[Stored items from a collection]

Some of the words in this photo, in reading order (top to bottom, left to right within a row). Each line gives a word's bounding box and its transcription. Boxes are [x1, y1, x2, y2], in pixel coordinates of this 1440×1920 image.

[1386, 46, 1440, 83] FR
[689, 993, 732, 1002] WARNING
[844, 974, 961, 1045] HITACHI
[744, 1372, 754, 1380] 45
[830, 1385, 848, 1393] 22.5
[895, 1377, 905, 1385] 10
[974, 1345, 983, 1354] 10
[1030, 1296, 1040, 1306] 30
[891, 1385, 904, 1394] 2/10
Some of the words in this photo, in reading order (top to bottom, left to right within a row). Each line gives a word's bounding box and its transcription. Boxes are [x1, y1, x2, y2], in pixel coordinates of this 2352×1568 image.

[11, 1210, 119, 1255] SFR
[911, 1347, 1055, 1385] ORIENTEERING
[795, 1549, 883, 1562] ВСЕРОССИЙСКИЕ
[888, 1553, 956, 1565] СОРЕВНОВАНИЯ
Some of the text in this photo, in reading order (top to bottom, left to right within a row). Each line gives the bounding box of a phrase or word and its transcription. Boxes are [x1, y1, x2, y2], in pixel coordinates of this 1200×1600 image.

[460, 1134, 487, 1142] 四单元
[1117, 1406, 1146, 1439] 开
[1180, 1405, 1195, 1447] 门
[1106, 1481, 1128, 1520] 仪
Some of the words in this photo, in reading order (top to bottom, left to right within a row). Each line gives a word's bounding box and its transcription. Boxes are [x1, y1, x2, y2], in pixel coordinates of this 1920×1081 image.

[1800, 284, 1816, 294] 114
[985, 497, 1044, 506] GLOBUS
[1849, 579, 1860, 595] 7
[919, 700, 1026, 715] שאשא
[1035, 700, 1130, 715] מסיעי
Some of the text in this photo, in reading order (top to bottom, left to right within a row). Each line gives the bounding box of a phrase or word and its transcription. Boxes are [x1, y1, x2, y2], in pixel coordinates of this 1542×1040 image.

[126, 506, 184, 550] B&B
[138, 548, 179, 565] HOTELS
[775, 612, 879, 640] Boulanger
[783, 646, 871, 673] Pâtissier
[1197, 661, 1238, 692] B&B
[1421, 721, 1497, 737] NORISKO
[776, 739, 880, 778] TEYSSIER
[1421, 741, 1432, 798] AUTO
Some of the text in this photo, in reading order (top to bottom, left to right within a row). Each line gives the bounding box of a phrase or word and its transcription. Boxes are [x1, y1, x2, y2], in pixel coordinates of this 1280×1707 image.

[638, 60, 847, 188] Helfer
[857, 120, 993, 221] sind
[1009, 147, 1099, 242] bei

● **ABOUT THIS EXERCISE**: Exactly the lines from the one containing "this 1200×1600 image." through the final line above, and only those, should be given again.

● **YOUR SOLUTION**:
Some of the text in this photo, in reading order (top to bottom, left to right within a row). Each line gives the bounding box of a phrase or word and its transcription. Boxes are [x1, y1, x2, y2], in pixel coordinates of this 1200×1600 image.

[460, 1134, 487, 1142] 四单元
[1117, 1406, 1146, 1439] 开
[1180, 1405, 1195, 1447] 门
[1106, 1481, 1128, 1520] 仪
Some of the words in this photo, in reading order (top to bottom, left to right within a row). Each line gives a word's bounding box and its transcription. Boxes are [x1, y1, x2, y2], in pixel coordinates of this 1920×1081 image.

[1800, 284, 1816, 294] 114
[985, 497, 1044, 506] GLOBUS
[1849, 579, 1860, 595] 7
[919, 700, 1026, 715] שאשא
[1035, 700, 1130, 715] מסיעי
Some of the text in this photo, in reading order (top to bottom, left to right within a row). Each line gives the bounding box of a phrase or word and its transcription. Boxes are [x1, y1, x2, y2], in pixel coordinates of this 1542×1040 image.

[126, 506, 184, 550] B&B
[138, 548, 179, 565] HOTELS
[775, 612, 879, 640] Boulanger
[783, 646, 871, 673] Pâtissier
[1197, 661, 1238, 692] B&B
[1421, 721, 1497, 737] NORISKO
[776, 739, 880, 778] TEYSSIER
[1421, 741, 1432, 798] AUTO
Some of the text in this photo, in reading order (top to bottom, left to right within a row). Each line gives the bounding box of a phrase or word and its transcription. Boxes are [x1, y1, x2, y2], in pixel coordinates of this 1280×1707 image.

[638, 60, 847, 188] Helfer
[857, 120, 993, 221] sind
[1009, 147, 1099, 242] bei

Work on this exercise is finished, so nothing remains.